**EXERCISE REQUIREMENTS:** Apart from the images, the records below need to be copied exactly.
*** Opening of INPUT ***
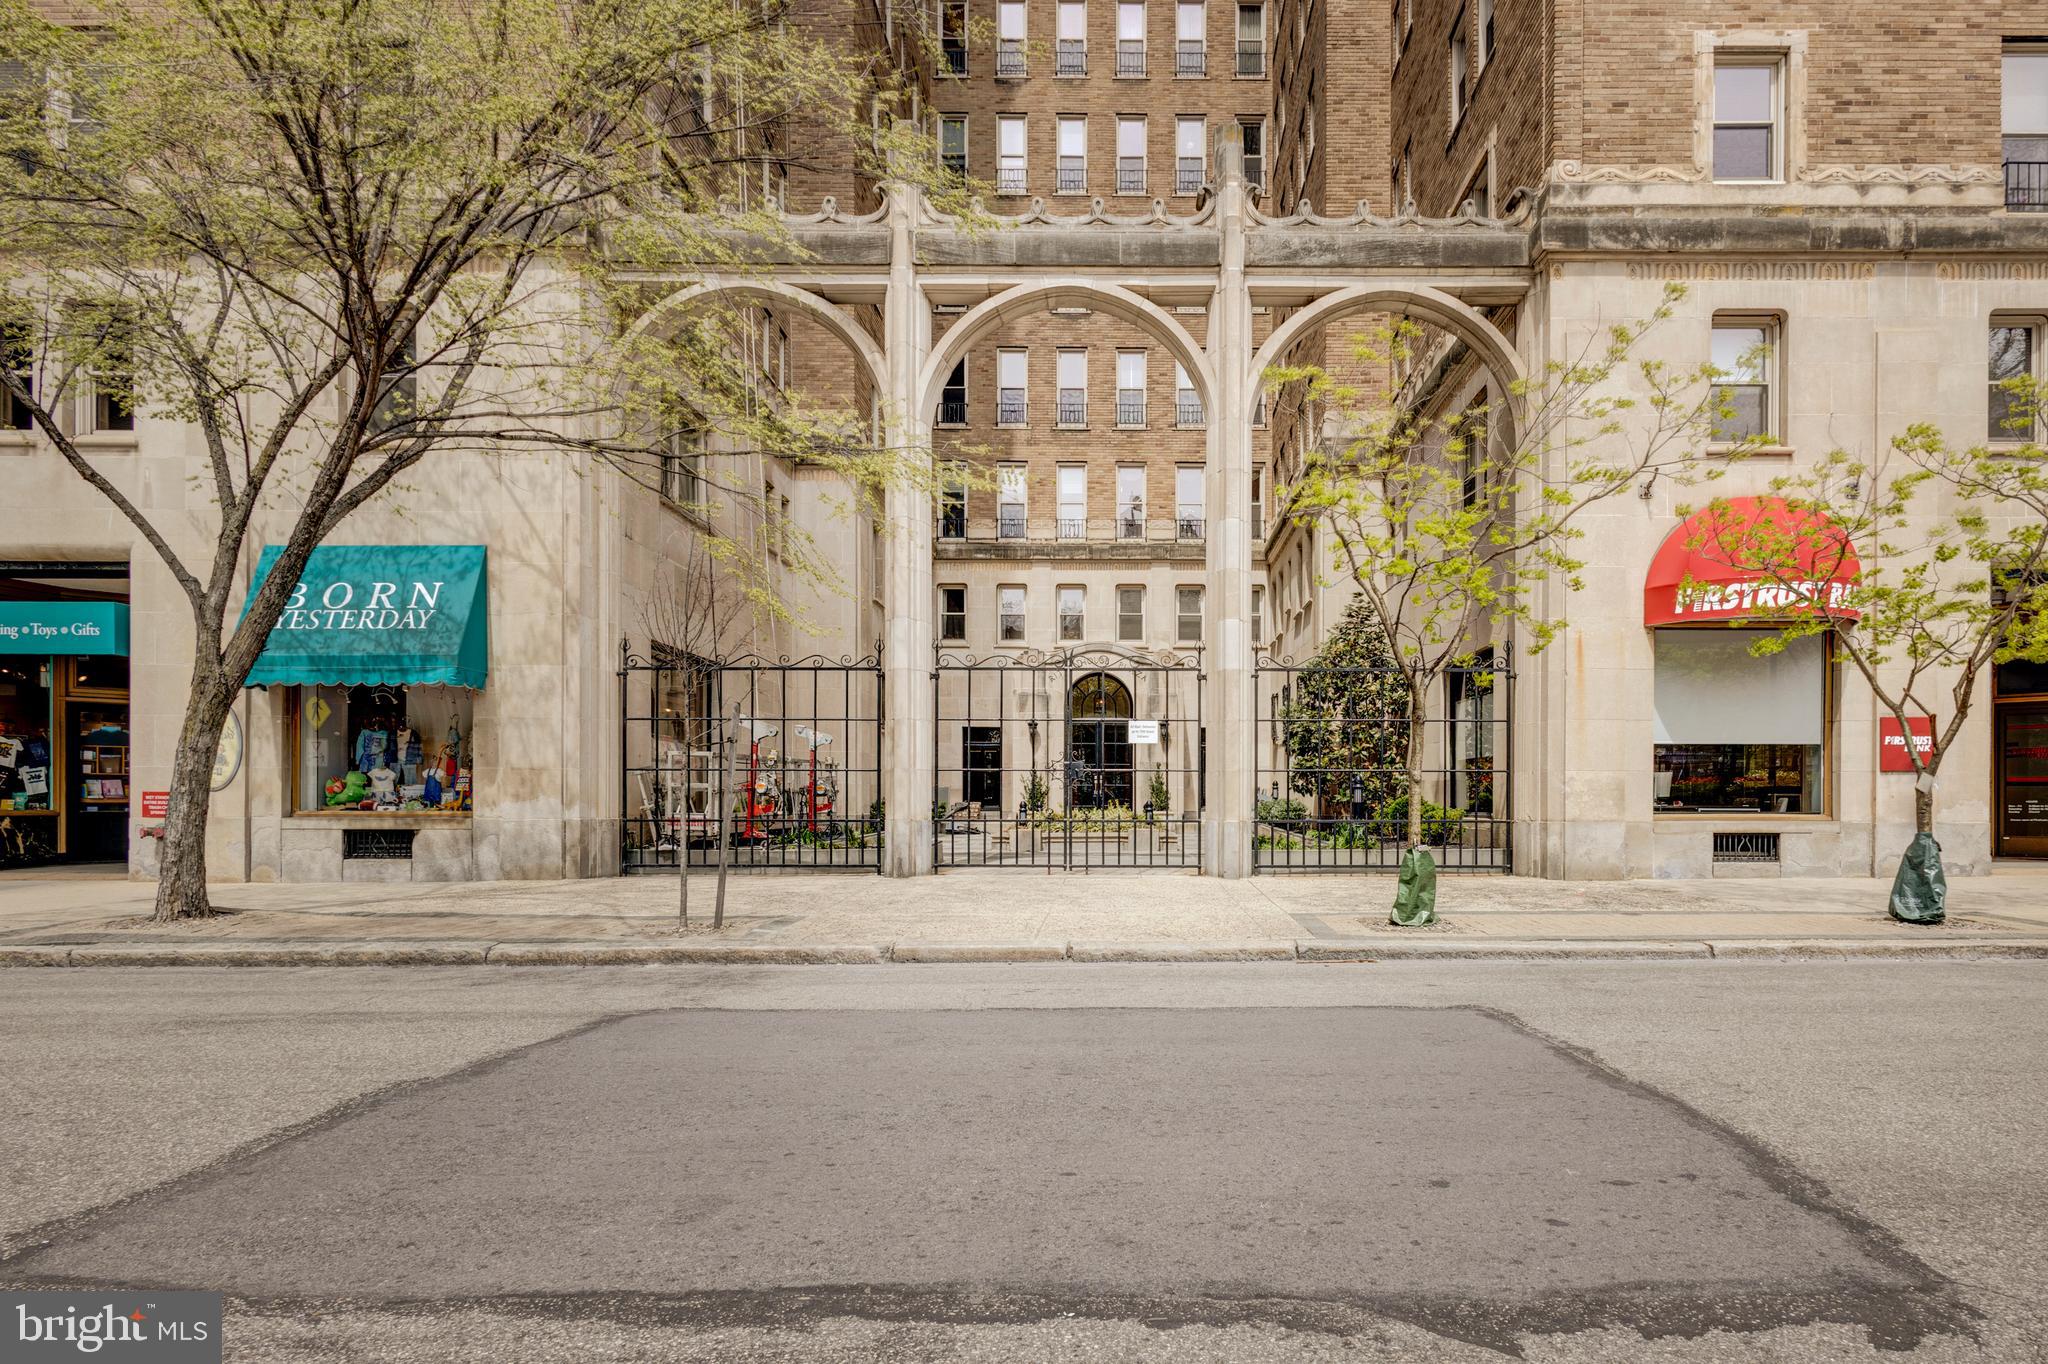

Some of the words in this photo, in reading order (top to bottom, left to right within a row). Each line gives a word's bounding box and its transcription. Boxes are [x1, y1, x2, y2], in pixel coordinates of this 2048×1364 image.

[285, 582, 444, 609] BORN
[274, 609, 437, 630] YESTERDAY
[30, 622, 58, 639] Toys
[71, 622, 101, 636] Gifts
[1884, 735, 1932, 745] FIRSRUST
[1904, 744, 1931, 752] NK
*** Close of INPUT ***
**EXERCISE SOLUTION:**
Some of the words in this photo, in reading order (top to bottom, left to right within a row). Each line gives a word's bounding box and its transcription. Boxes are [x1, y1, x2, y2], in pixel coordinates of this 2048×1364 image.

[285, 582, 444, 609] BORN
[274, 609, 437, 630] YESTERDAY
[30, 622, 58, 639] Toys
[71, 622, 101, 636] Gifts
[1884, 735, 1932, 745] FIRSRUST
[1904, 744, 1931, 752] NK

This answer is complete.